In C++17, the new std::optional mandates that it be trivially destructible if T is trivially destructible in [optional.object.dtor]:

~optional();
1 Effects: If is_trivially_destructible_v<T> != true and *this contains a value, calls val->T::~T().
2 Remarks: If is_trivially_destructible_v<T> == true then this destructor shall be a trivial destructor.

So this potential implementation fragment would be non-conforming to the standard:

template <class T>
struct wrong_optional {
    union { T value; };
    bool on;

    ~wrong_optional() { if (on) { value.~T(); } }
};

My question is: what is the advantage of this mandate? Presumably, for trivially destructible types, the compiler can figure out that value.~T() is a no-op and emit no code for wrong_optional<T>::~wrong_optional().
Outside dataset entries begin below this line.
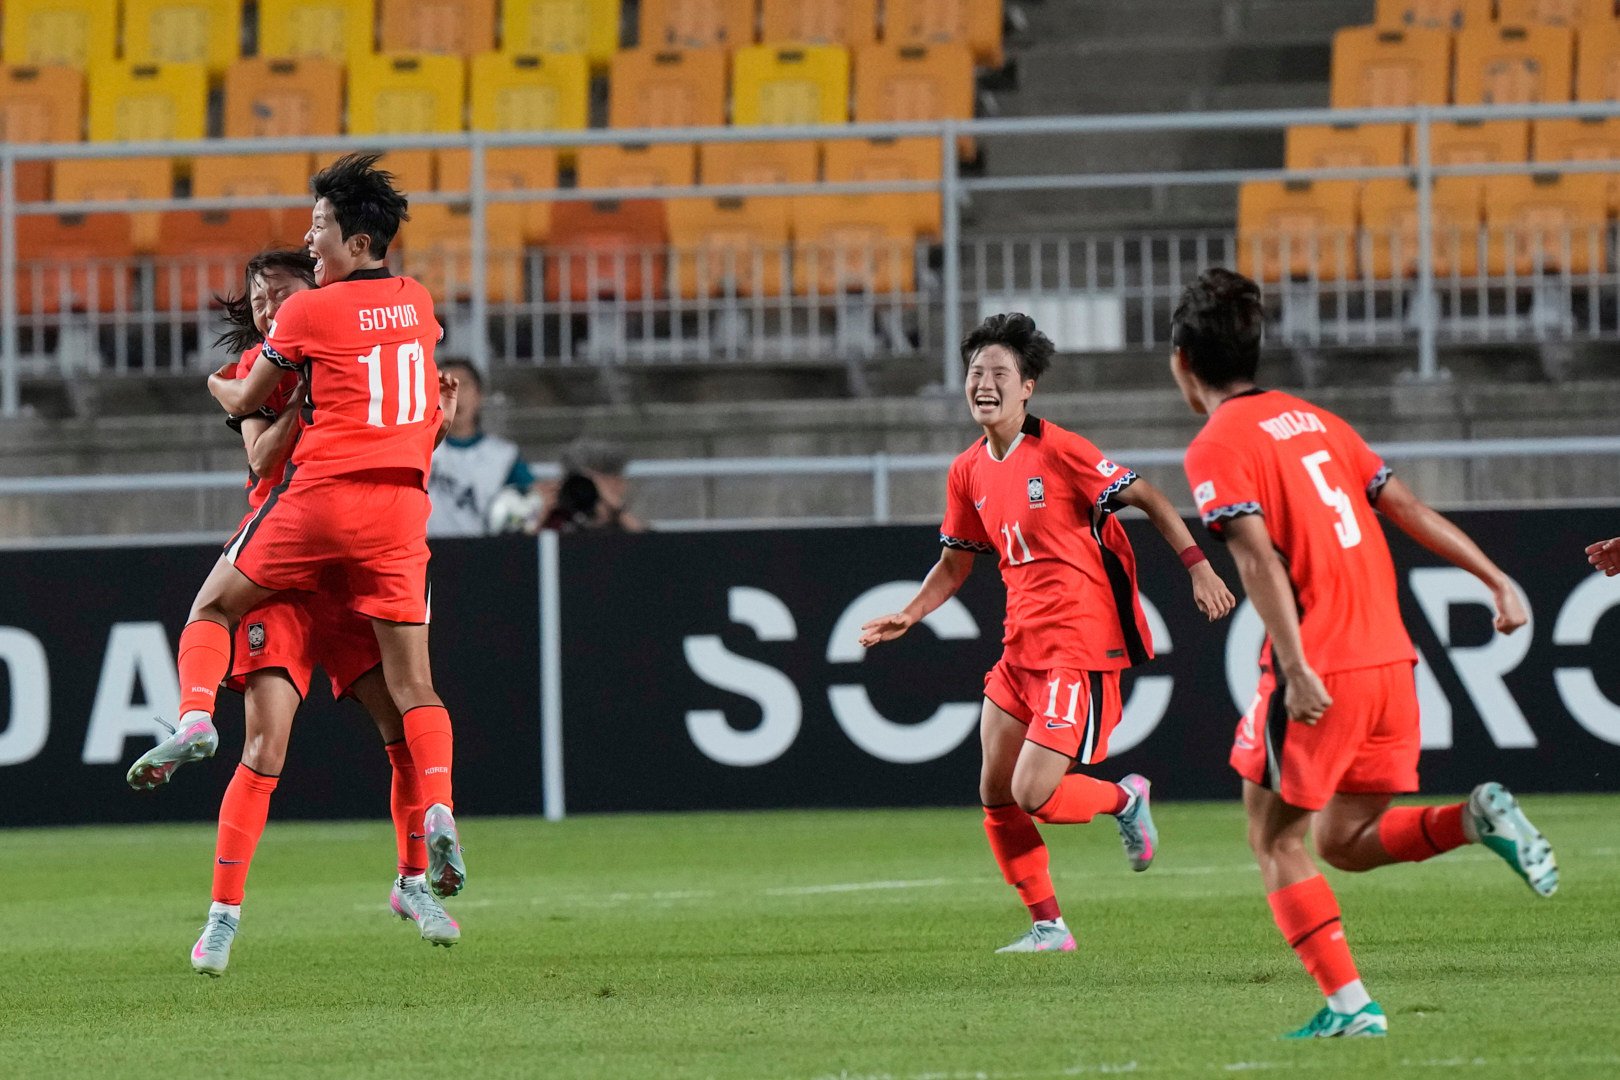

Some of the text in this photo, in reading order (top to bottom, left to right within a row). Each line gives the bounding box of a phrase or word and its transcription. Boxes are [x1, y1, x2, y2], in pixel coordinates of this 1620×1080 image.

[358, 304, 419, 331] SOYUN
[357, 338, 427, 427] 10
[1301, 449, 1362, 549] 5
[1001, 520, 1035, 566] 11
[191, 685, 214, 697] KOREA
[1043, 677, 1081, 725] 11
[424, 766, 449, 775] KOREA
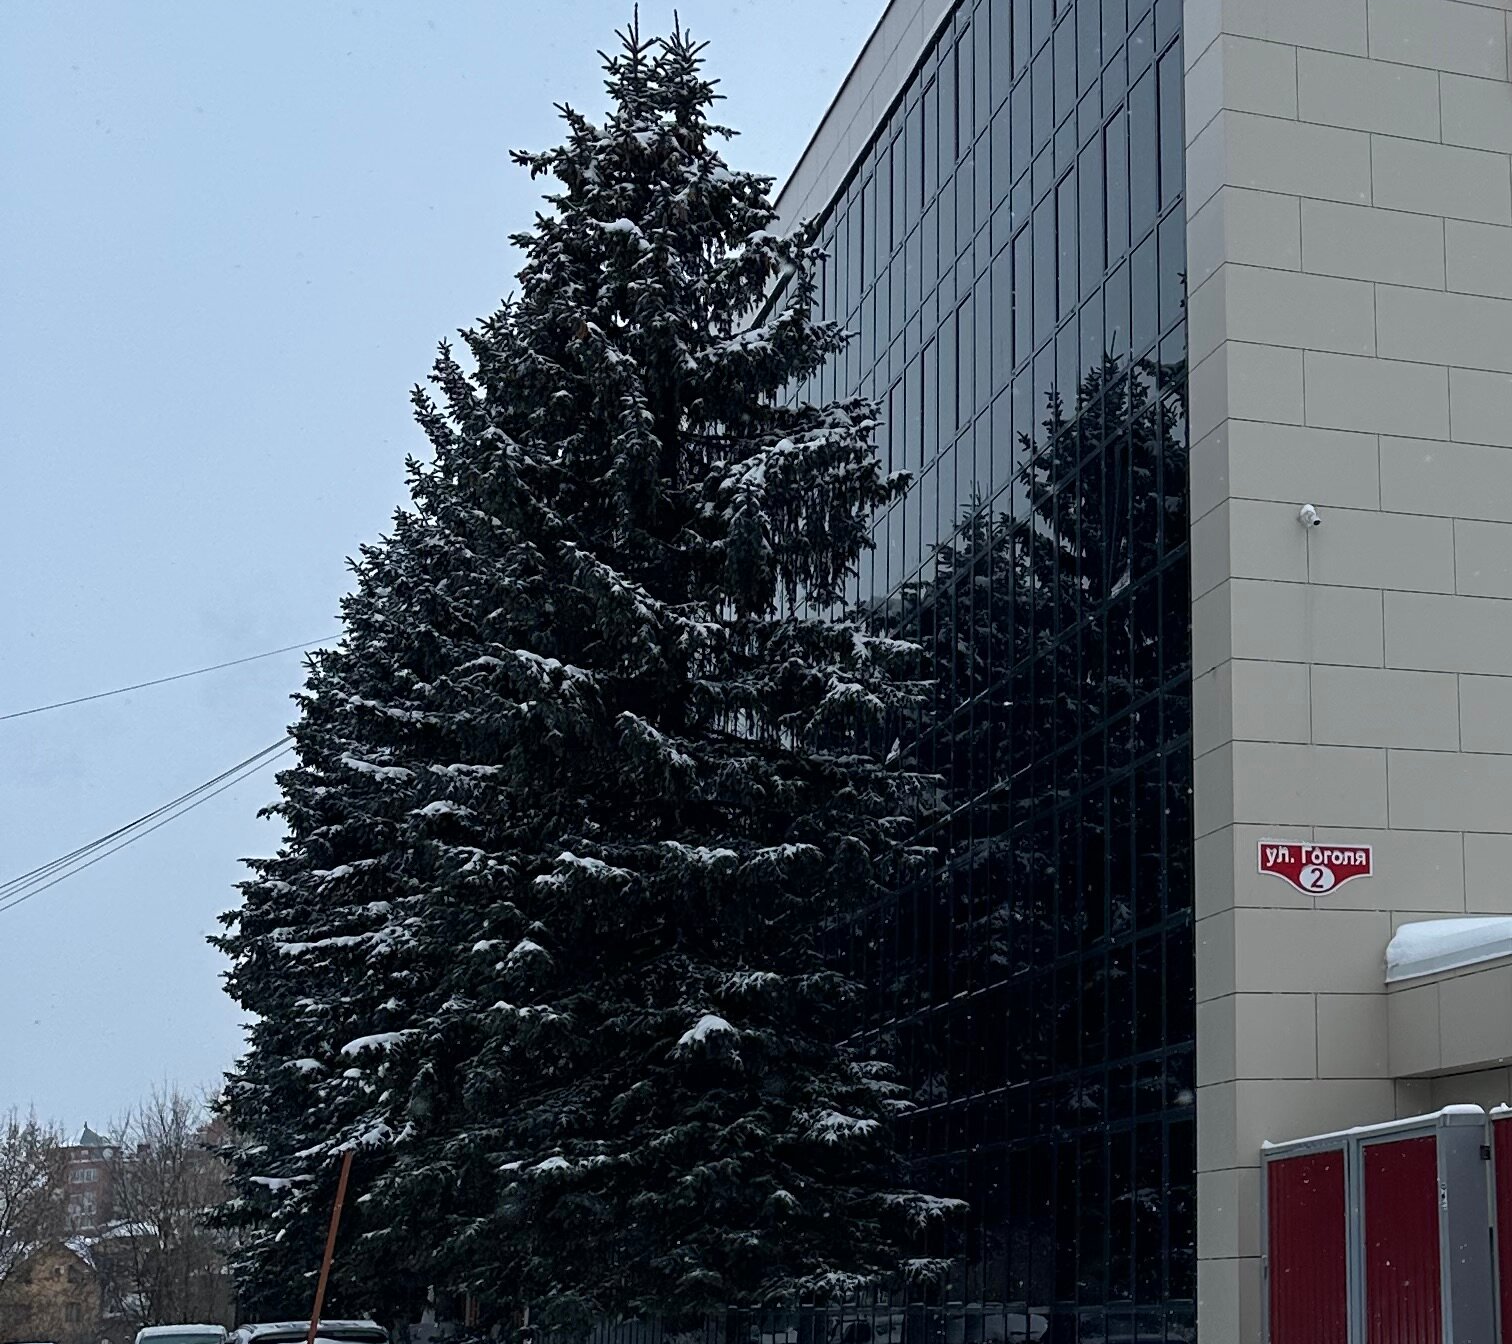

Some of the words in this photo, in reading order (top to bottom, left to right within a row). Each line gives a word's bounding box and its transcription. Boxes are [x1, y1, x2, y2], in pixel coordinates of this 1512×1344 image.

[1265, 846, 1295, 867] ул.
[1301, 846, 1366, 865] Гоголя
[1310, 867, 1324, 888] 2
Other types may rely on the fact that given type is trivially destructible or not. (as destruction of `std::vector` ?). — Jarod42, Jan 27 '17 at 15:35

score 17 · Accepted Answer · edited Jan 30 '23 at 15:36

17

std::optional already has constexpr constructors. When its destructor is trivial, it is a literal type. Only objects of literal types can be created and manipulated in constant expressions.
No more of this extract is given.